Work instruction: Reproduce the records word for word, leaving out any pictures they hold.

┌─ Dataset extract

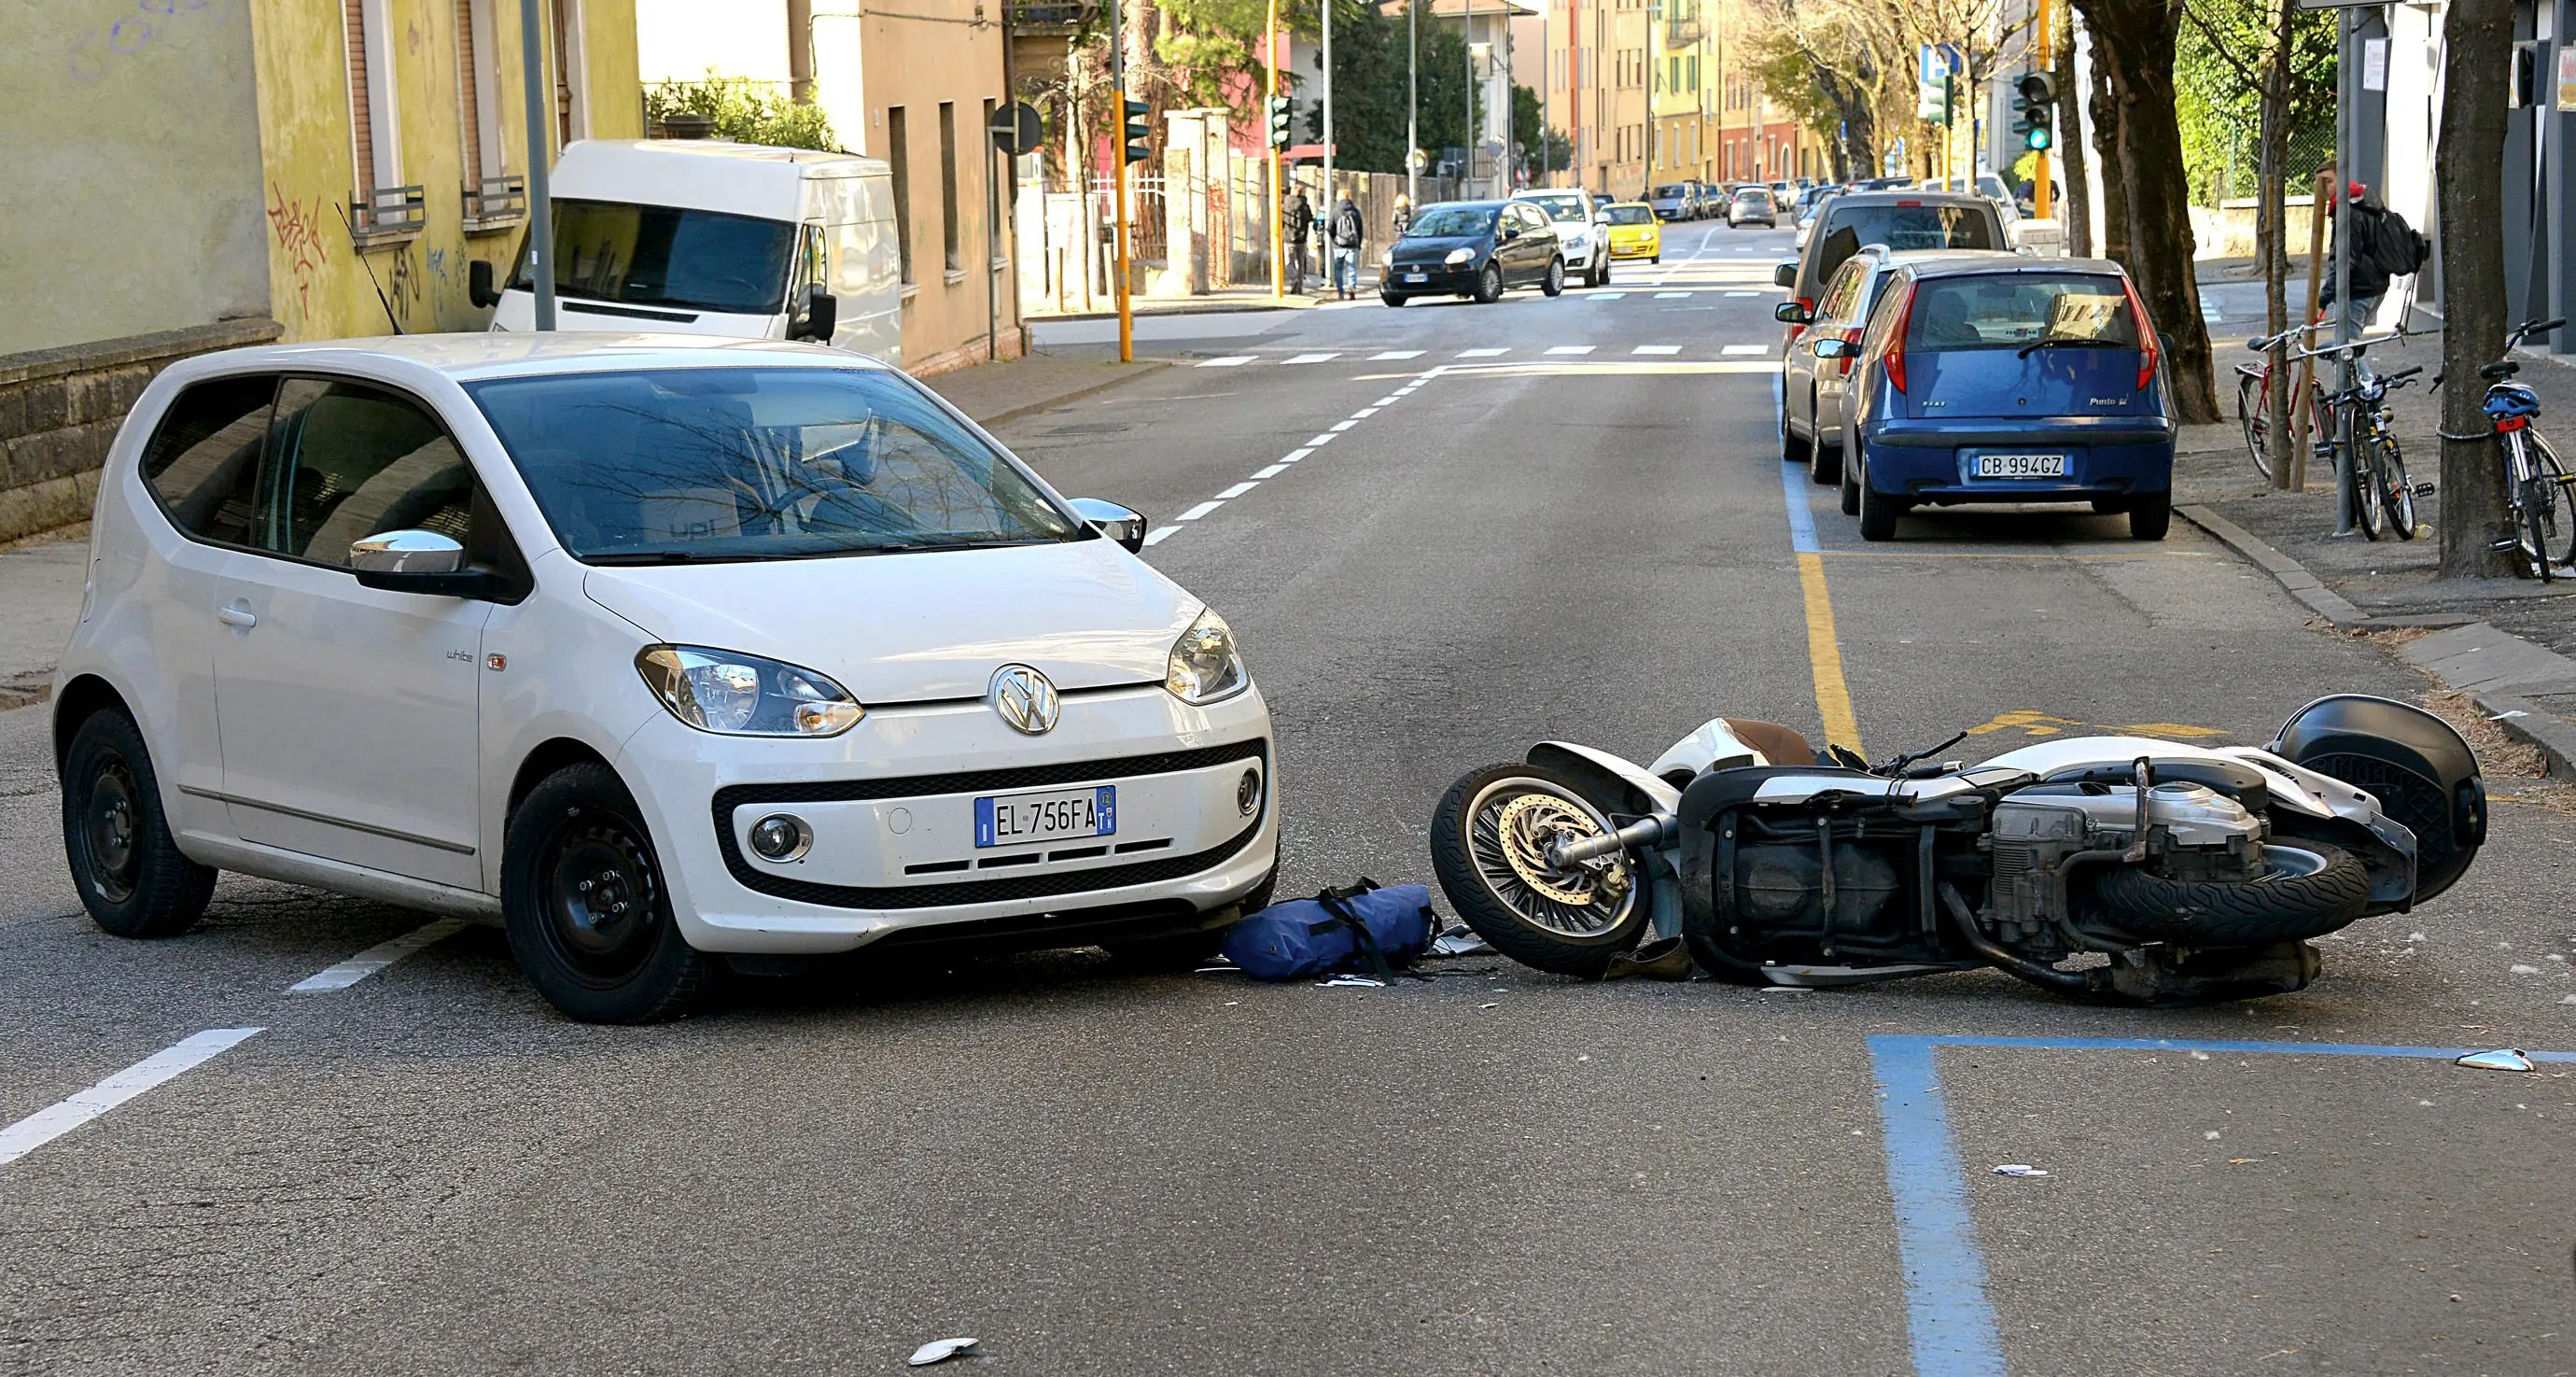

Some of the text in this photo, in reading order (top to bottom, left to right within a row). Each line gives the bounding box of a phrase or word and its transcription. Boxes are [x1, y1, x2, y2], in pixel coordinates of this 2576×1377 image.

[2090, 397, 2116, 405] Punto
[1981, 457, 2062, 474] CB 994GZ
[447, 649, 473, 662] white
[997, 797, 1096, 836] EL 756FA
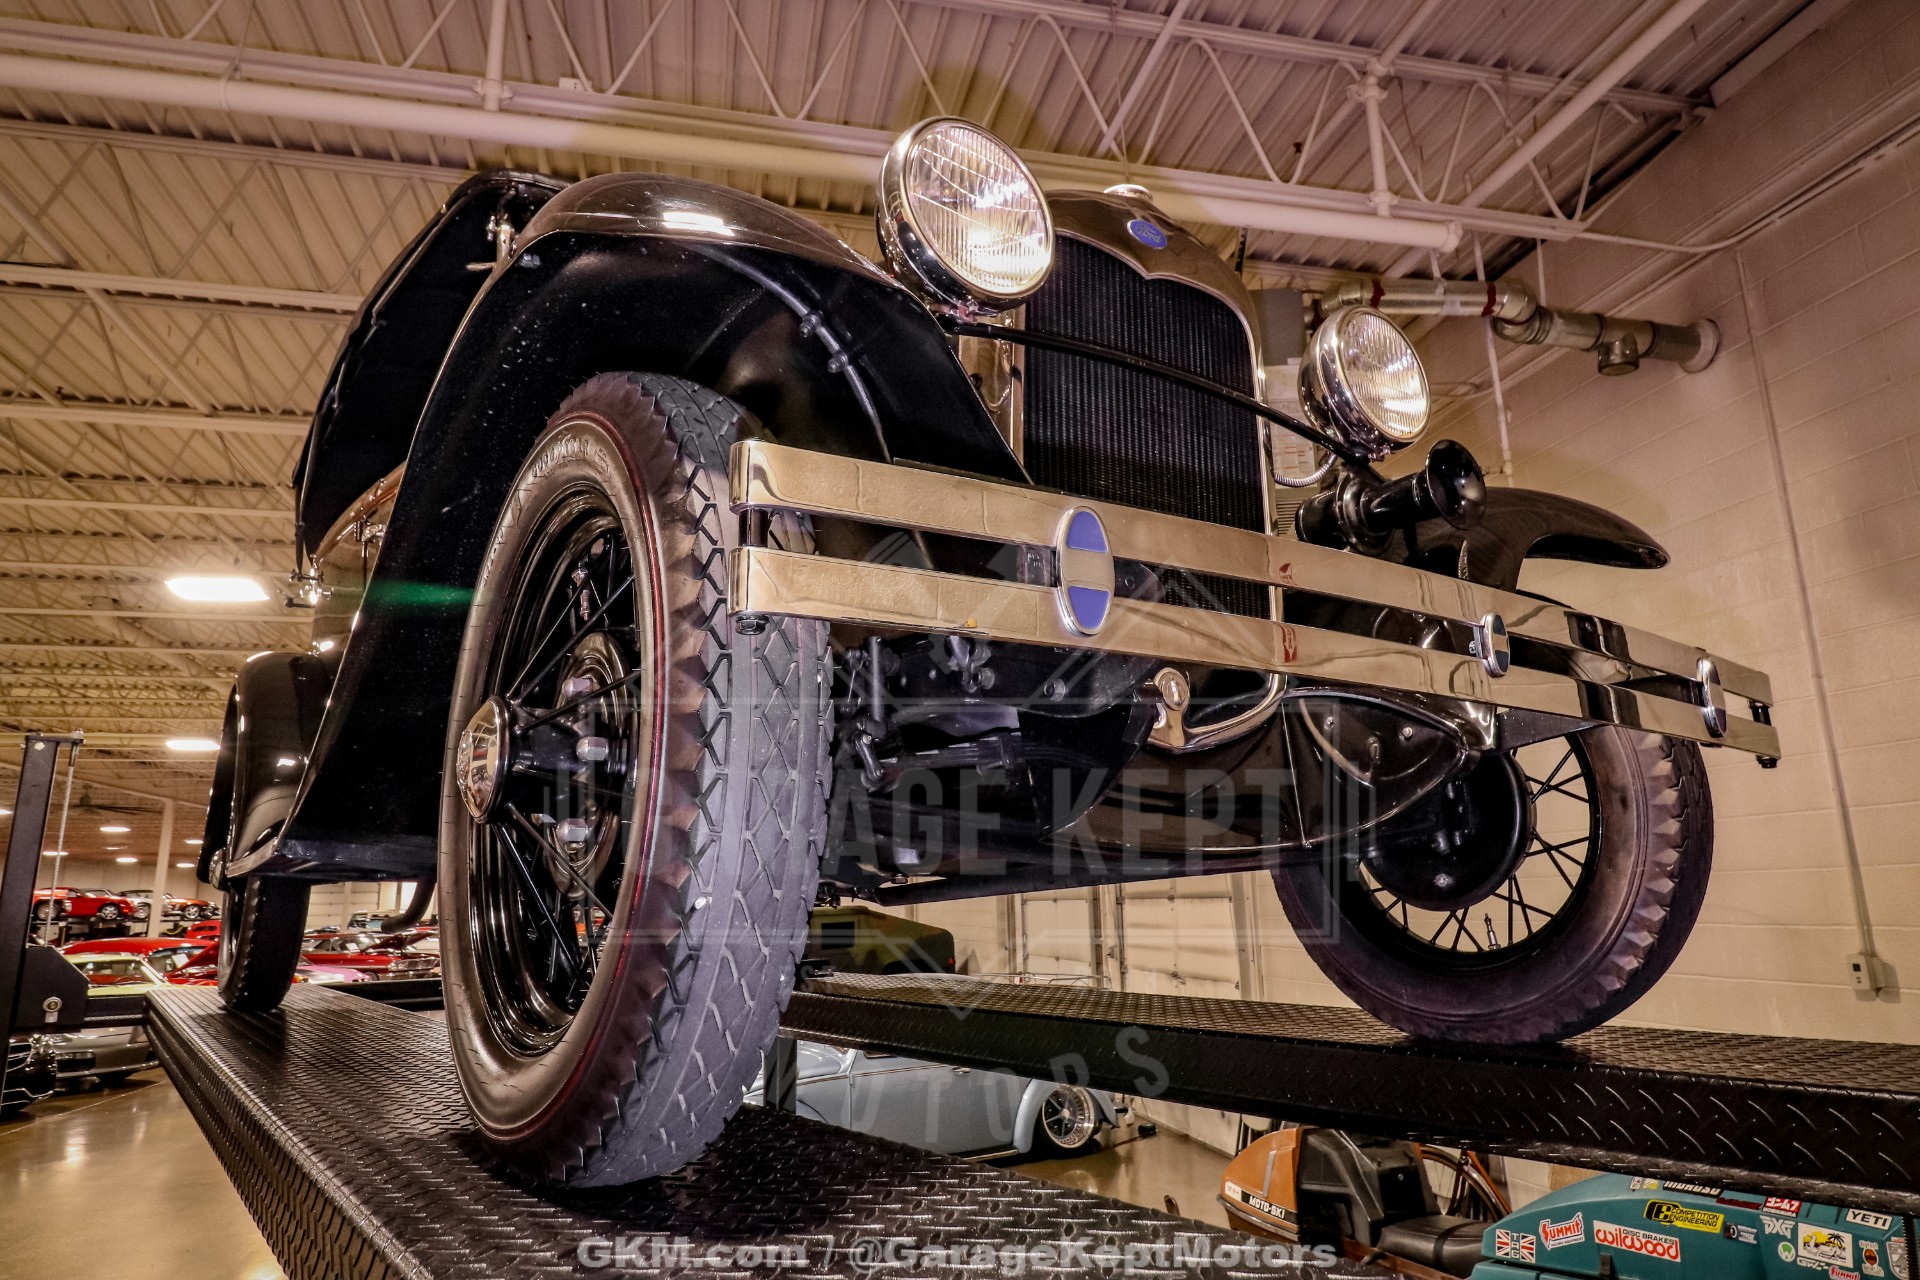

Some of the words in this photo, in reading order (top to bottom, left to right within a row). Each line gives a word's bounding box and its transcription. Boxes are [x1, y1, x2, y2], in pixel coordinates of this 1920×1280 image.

└─

Final answer:
Some of the text in this photo, in reading order (top to bottom, left to right within a row). Each line gives the bounding box of a phrase or word and its transcription. Boxes are [x1, y1, x2, y2], in pixel coordinates of this 2576×1377 image.

[2090, 397, 2116, 405] Punto
[1981, 457, 2062, 474] CB 994GZ
[447, 649, 473, 662] white
[997, 797, 1096, 836] EL 756FA

Some of the words in this photo, in reading order (top to bottom, left to right within a row). Each line gives a word's bounding box and its transcription. Boxes are [x1, y1, x2, y2], in pixel coordinates of this 1920×1280 image.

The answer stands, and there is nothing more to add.